* WORK TO COMPLETE
Beginning with the first line below, output every record verbatim and leave out the images.
MATERIAL FOR THE TASK below:
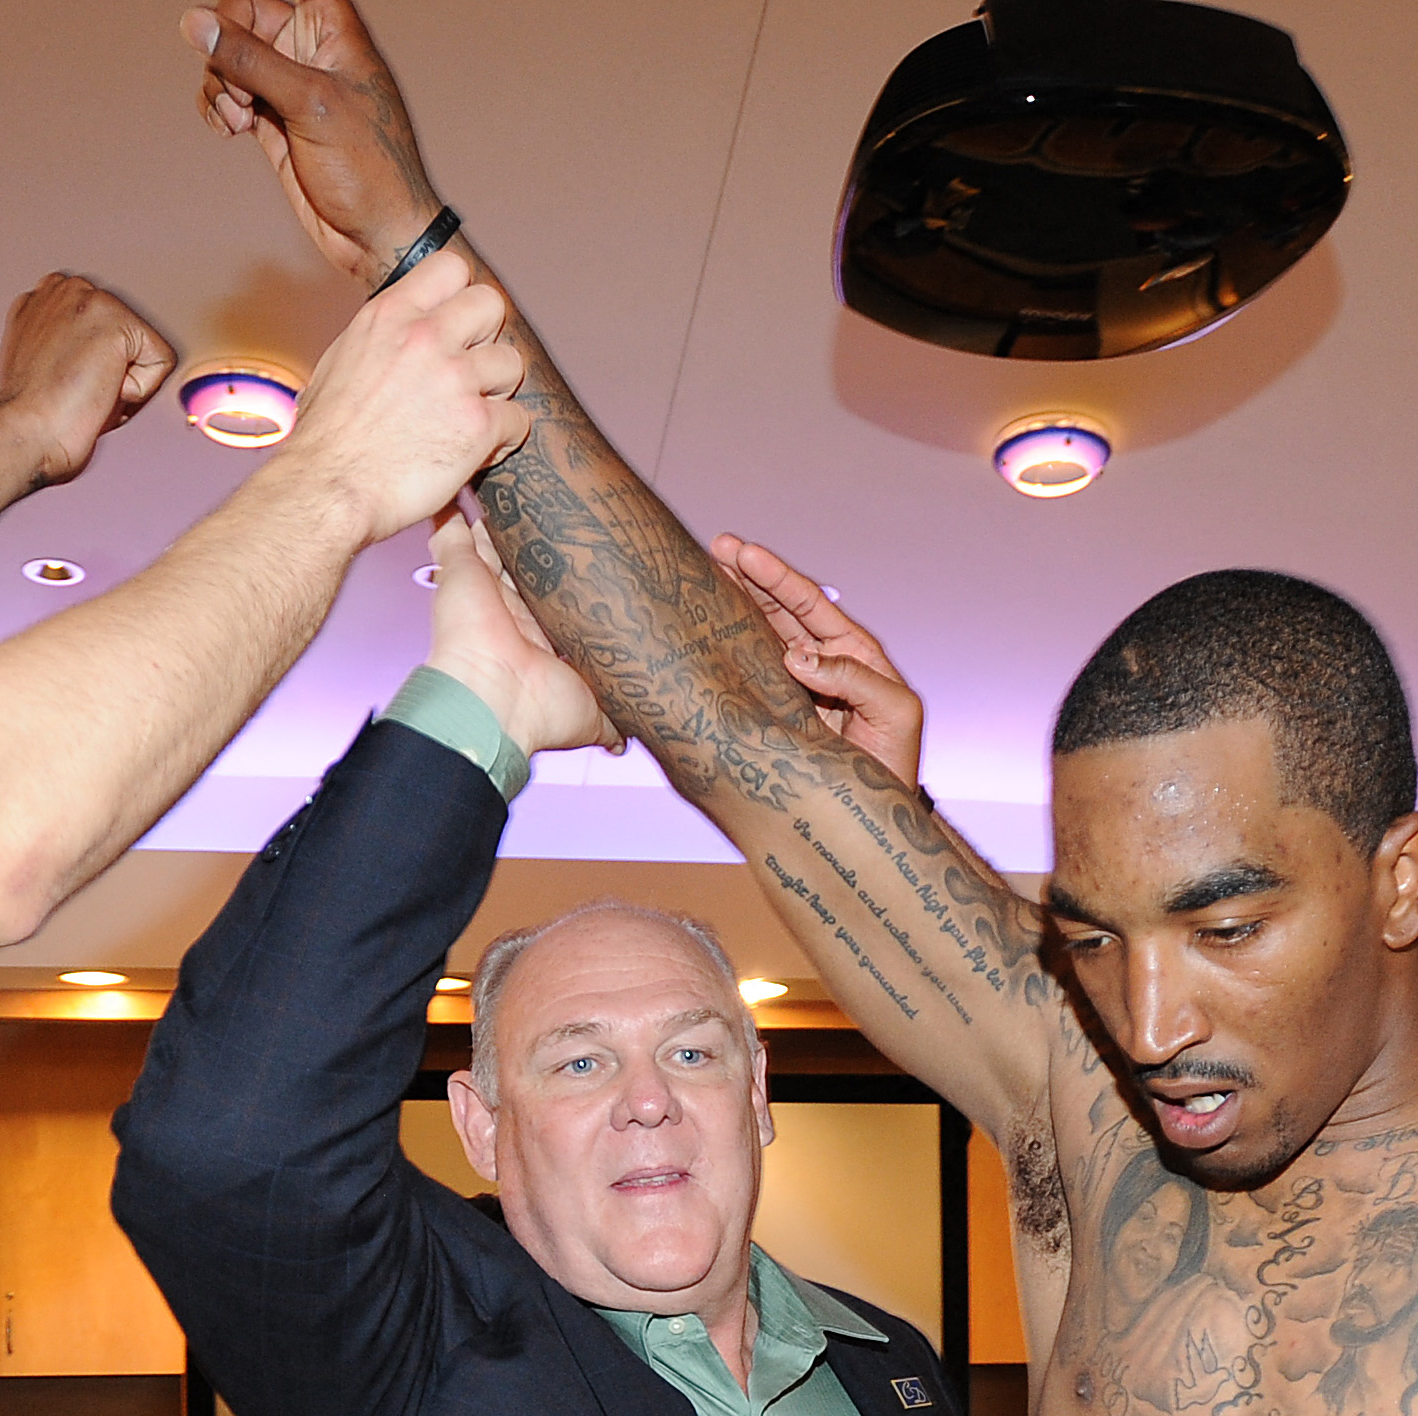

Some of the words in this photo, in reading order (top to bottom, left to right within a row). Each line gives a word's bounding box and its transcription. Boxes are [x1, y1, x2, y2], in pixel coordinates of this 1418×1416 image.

[764, 852, 810, 899] taught
[807, 893, 837, 925] keep
[835, 925, 861, 955] you
[859, 954, 919, 1020] grounded
[793, 817, 812, 842] the
[812, 840, 857, 890] morals
[857, 889, 888, 920] and
[883, 917, 923, 965] values
[921, 965, 947, 992] you
[947, 991, 973, 1026] were
[828, 782, 852, 806] No
[849, 803, 894, 854] matter
[892, 851, 918, 886] how
[916, 885, 949, 921] high
[940, 917, 969, 949] you
[963, 946, 988, 973] fly
[985, 967, 1007, 992] let
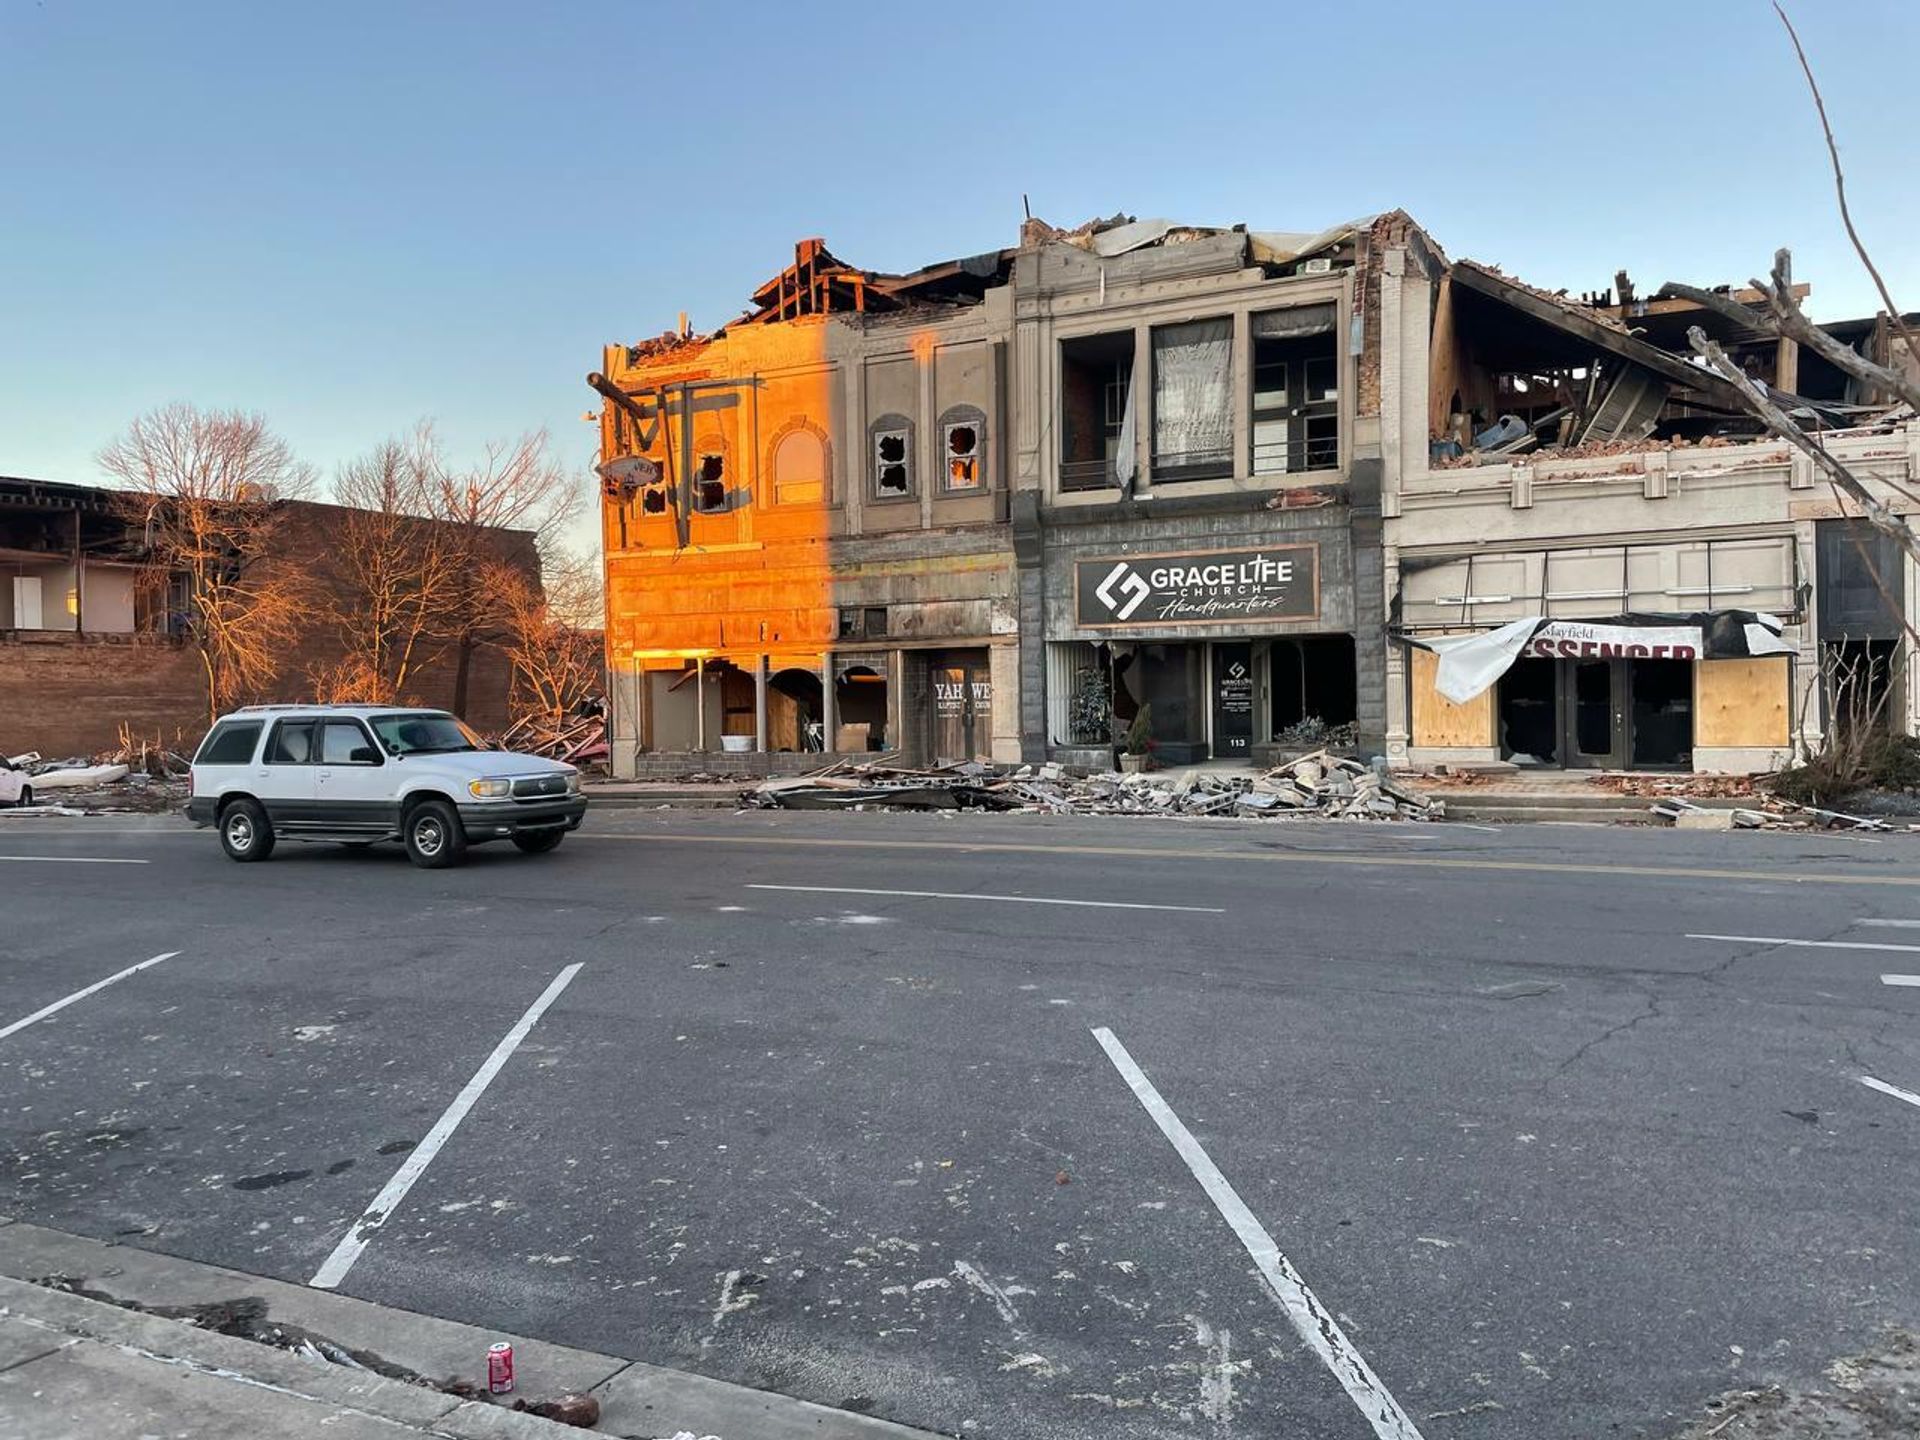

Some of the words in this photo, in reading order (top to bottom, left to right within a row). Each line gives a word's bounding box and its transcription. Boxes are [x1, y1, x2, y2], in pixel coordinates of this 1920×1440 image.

[1150, 564, 1236, 588] GRACE
[1240, 553, 1293, 584] LIFE
[1180, 584, 1261, 597] CHURCH
[1156, 595, 1285, 619] Headquarters
[1542, 624, 1594, 640] Mayfield
[1230, 739, 1246, 747] 113
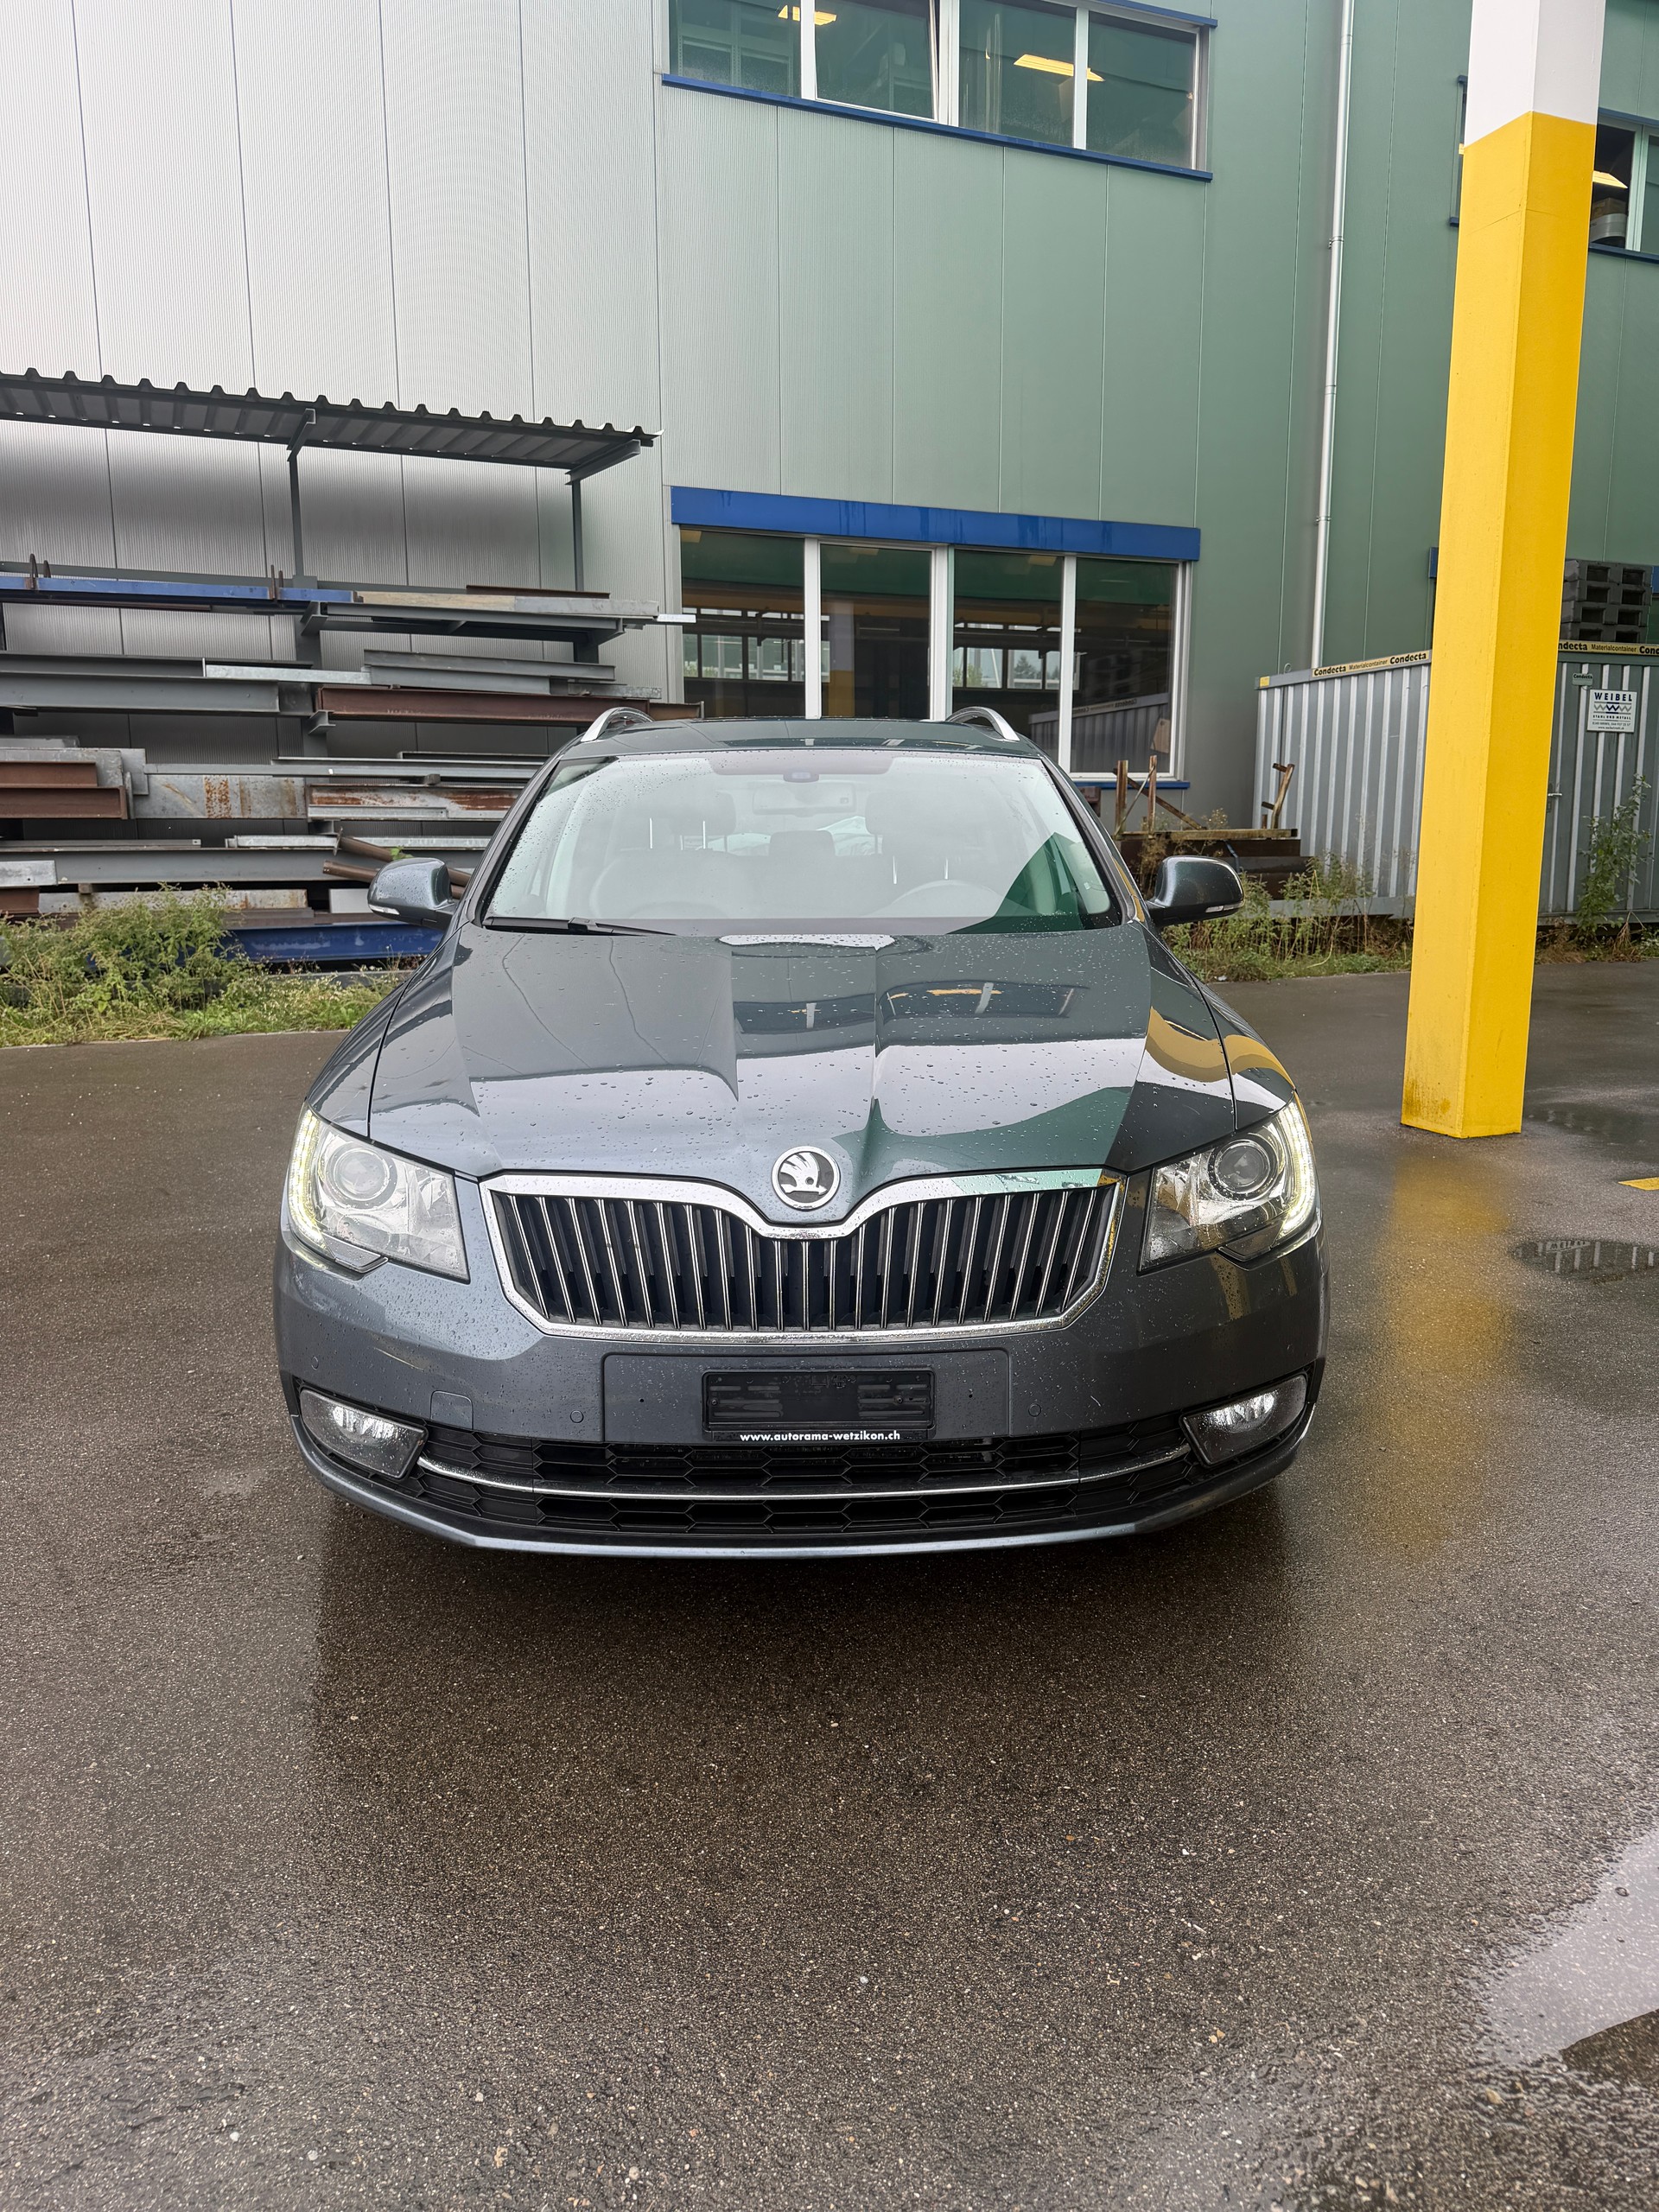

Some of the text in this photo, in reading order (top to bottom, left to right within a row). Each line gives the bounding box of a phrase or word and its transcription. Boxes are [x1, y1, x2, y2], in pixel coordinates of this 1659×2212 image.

[1558, 641, 1588, 651] ndecta
[1591, 644, 1637, 652] Materialcontainer
[1313, 652, 1427, 677] Condecta Materialcontainer Condecta
[1593, 692, 1632, 702] WEIBEL
[740, 1430, 900, 1441] www.autorama-wetzikon.ch
End of MATERIAL FOR THE TASK.
* ANSWER
Some of the words in this photo, in reading order (top to bottom, left to right within a row). Each line gives a word's bounding box and its transcription. Boxes are [x1, y1, x2, y2], in pixel coordinates of this 1418×1416 image.

[764, 852, 810, 899] taught
[807, 893, 837, 925] keep
[835, 925, 861, 955] you
[859, 954, 919, 1020] grounded
[793, 817, 812, 842] the
[812, 840, 857, 890] morals
[857, 889, 888, 920] and
[883, 917, 923, 965] values
[921, 965, 947, 992] you
[947, 991, 973, 1026] were
[828, 782, 852, 806] No
[849, 803, 894, 854] matter
[892, 851, 918, 886] how
[916, 885, 949, 921] high
[940, 917, 969, 949] you
[963, 946, 988, 973] fly
[985, 967, 1007, 992] let

Some of the words in this photo, in reading order (top to bottom, left to right within a row). Each line gives a word's bounding box and its transcription. Boxes are [x1, y1, x2, y2], in pixel coordinates of this 1920×1440 image.

[1150, 564, 1236, 588] GRACE
[1240, 553, 1293, 584] LIFE
[1180, 584, 1261, 597] CHURCH
[1156, 595, 1285, 619] Headquarters
[1542, 624, 1594, 640] Mayfield
[1230, 739, 1246, 747] 113

Some of the text in this photo, in reading order (top to bottom, left to right within a row). Each line gives the bounding box of a phrase or word and its transcription. Boxes are [x1, y1, x2, y2], in pixel coordinates of this 1659×2212 image.

[1558, 641, 1588, 651] ndecta
[1591, 644, 1637, 652] Materialcontainer
[1313, 652, 1427, 677] Condecta Materialcontainer Condecta
[1593, 692, 1632, 702] WEIBEL
[740, 1430, 900, 1441] www.autorama-wetzikon.ch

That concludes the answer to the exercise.